These passages seem to point to something more than was distinctly understood by their author. See also Scientia Sinensis, Lib. L p. I.

[3] Those of the highest rank are called the five volumes by way of eminence, and are looked upon by the Chinese as the source of all their learning and morality. 


Their main drift seems to have been to secure peace and tranquillity in the state by a regulation of manners, and an exact observation of the laws; for the attainment of which, the ancient Chinese judged two things chiefly necessary to be attended to, viz. the influence of religion, and the plan of a wife government. 


There are likewise four other volumes entitled classical, three by Confucius, and one by Mencius his disciple, which are a kind of commentary upon the former, and stand next in reputation.

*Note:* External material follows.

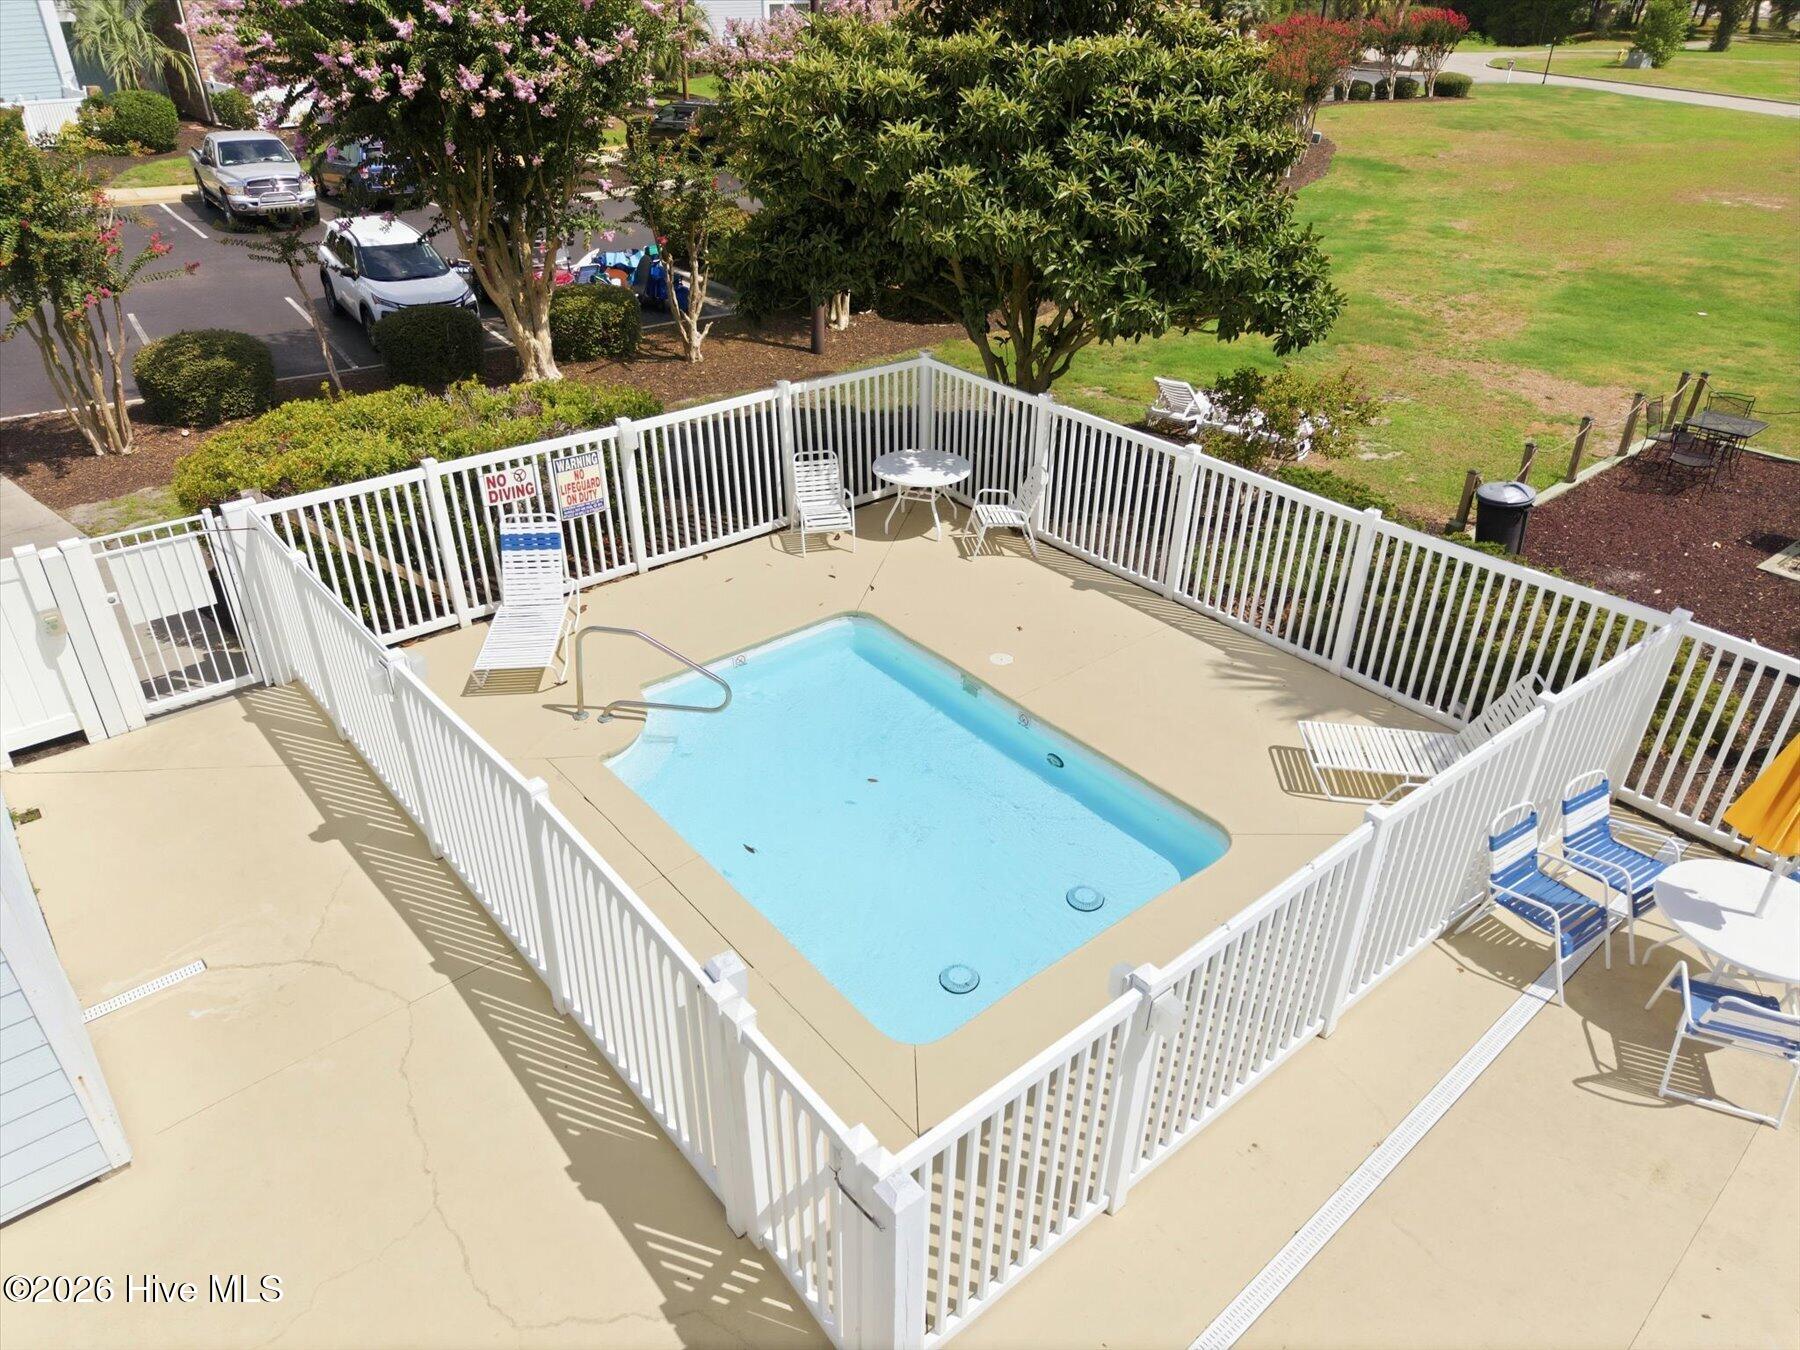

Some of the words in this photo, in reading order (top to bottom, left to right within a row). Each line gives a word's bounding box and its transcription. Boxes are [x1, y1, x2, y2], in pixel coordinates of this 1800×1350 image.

See Du Halde, Vol. I. p. 16. and Le Comte, Tom. I. p. 395 — 401. 


[4] Confucius was born about the year 551 before the Christian aera, a little before the death of Thales, one of the seven sages of Greece. He was contemporary with Pythagoras, and Socrates appeared not long afterwards. 

In his childhood, instead of the levity and playfulness of that age, he was distinguished by a grave, modest, and serious air, which drew the regard of all who knew him, and excited their expectation of his future eminence. 


He had scarce reached his fifteenth year, when he applied himself to the study of the ancient books, and furnished his mind with maxims the most proper to regulate the heart, and inspire the people with the love of virtue. He was only once married, and he appears to have had only one son. 


When he was more advanced in years, he attempted a reformation in the several little subordinate kingdoms, of which the empire confided, and which seem at that time to have been over-run with all kinds of disorder: be therefore everywhere inculcated, as well by his own example as by his doctrine, modesty, disinterestedness, sincerity, equity, temperance, and contempt of riches and pleasure. 


His extensive knowledge, and the splendor of his virtues, soon made him universally known: he was frequently invited to accept of some of the highest offices in the magistracy, which he refused with a view of being more at leisure to propagate his doctrine and reform mankind. 


However, at the age of fifty-five, he accepted a principal charge in the kingdom of Lou, his native country : In less than three months, the general face of things was changed; the prince, the grandees of the kingdom, and the people, had respect to none but him. This alteration was so sudden and happy, that it created jealousy in the neighbouring princes, who were apprehensive that the king of Lou would soon become too powerful if he continued to follow the counsels of so wise a man. They therefore at length succeeded by their stratagems to alienate him from Confucius, who finding him thus grown-deaf to his remonstrances, threw up his employment, left the court, and sought in other kingdoms for minds better prepared to receive his maxims. 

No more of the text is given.